- INSTRUCTIONS TO FOLLOW
Please restate the entire listing verbatim.

- DATA RECORDS
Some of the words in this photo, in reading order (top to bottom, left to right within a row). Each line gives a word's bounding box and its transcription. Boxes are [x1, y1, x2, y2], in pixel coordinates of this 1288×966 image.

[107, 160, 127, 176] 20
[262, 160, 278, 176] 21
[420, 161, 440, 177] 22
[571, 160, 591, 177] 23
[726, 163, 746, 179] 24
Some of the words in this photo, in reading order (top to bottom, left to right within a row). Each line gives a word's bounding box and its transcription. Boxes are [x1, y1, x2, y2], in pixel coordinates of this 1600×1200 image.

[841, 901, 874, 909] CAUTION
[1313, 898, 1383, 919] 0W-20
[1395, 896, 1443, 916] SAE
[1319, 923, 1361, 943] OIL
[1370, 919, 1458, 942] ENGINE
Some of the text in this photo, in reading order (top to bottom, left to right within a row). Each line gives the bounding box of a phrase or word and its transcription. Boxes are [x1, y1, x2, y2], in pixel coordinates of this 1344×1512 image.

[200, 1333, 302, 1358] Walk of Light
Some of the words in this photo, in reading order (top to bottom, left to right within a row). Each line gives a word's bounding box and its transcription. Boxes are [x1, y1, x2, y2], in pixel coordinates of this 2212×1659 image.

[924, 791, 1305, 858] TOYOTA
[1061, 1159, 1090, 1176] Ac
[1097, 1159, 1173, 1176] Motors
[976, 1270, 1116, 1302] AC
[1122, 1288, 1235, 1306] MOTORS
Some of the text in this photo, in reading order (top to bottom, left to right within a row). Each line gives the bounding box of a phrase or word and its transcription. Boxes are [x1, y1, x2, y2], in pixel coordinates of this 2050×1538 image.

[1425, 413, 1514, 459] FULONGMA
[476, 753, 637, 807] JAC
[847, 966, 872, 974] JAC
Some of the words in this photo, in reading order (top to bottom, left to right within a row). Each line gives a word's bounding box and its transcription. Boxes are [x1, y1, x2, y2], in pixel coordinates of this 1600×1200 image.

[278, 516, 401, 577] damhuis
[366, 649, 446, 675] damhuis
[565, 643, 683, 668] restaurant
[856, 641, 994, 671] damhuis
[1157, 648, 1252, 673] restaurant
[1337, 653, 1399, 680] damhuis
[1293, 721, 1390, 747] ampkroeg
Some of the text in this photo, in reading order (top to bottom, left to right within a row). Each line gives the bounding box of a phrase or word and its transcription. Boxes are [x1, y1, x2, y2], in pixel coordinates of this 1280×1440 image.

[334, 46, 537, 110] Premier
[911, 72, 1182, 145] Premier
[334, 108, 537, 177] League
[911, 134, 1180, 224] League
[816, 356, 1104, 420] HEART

- FINAL ANSWER
Some of the words in this photo, in reading order (top to bottom, left to right within a row). Each line gives a word's bounding box and its transcription. Boxes are [x1, y1, x2, y2], in pixel coordinates of this 1288×966 image.

[107, 160, 127, 176] 20
[262, 160, 278, 176] 21
[420, 161, 440, 177] 22
[571, 160, 591, 177] 23
[726, 163, 746, 179] 24
Some of the words in this photo, in reading order (top to bottom, left to right within a row). Each line gives a word's bounding box and its transcription. Boxes are [x1, y1, x2, y2], in pixel coordinates of this 1600×1200 image.

[841, 901, 874, 909] CAUTION
[1313, 898, 1383, 919] 0W-20
[1395, 896, 1443, 916] SAE
[1319, 923, 1361, 943] OIL
[1370, 919, 1458, 942] ENGINE
Some of the text in this photo, in reading order (top to bottom, left to right within a row). Each line gives the bounding box of a phrase or word and its transcription. Boxes are [x1, y1, x2, y2], in pixel coordinates of this 1344×1512 image.

[200, 1333, 302, 1358] Walk of Light
Some of the words in this photo, in reading order (top to bottom, left to right within a row). Each line gives a word's bounding box and its transcription. Boxes are [x1, y1, x2, y2], in pixel coordinates of this 2212×1659 image.

[924, 791, 1305, 858] TOYOTA
[1061, 1159, 1090, 1176] Ac
[1097, 1159, 1173, 1176] Motors
[976, 1270, 1116, 1302] AC
[1122, 1288, 1235, 1306] MOTORS
Some of the text in this photo, in reading order (top to bottom, left to right within a row). Each line gives the bounding box of a phrase or word and its transcription. Boxes are [x1, y1, x2, y2], in pixel coordinates of this 2050×1538 image.

[1425, 413, 1514, 459] FULONGMA
[476, 753, 637, 807] JAC
[847, 966, 872, 974] JAC
Some of the words in this photo, in reading order (top to bottom, left to right within a row). Each line gives a word's bounding box and its transcription. Boxes are [x1, y1, x2, y2], in pixel coordinates of this 1600×1200 image.

[278, 516, 401, 577] damhuis
[366, 649, 446, 675] damhuis
[565, 643, 683, 668] restaurant
[856, 641, 994, 671] damhuis
[1157, 648, 1252, 673] restaurant
[1337, 653, 1399, 680] damhuis
[1293, 721, 1390, 747] ampkroeg
Some of the text in this photo, in reading order (top to bottom, left to right within a row). Each line gives the bounding box of a phrase or word and its transcription. Boxes are [x1, y1, x2, y2], in pixel coordinates of this 1280×1440 image.

[334, 46, 537, 110] Premier
[911, 72, 1182, 145] Premier
[334, 108, 537, 177] League
[911, 134, 1180, 224] League
[816, 356, 1104, 420] HEART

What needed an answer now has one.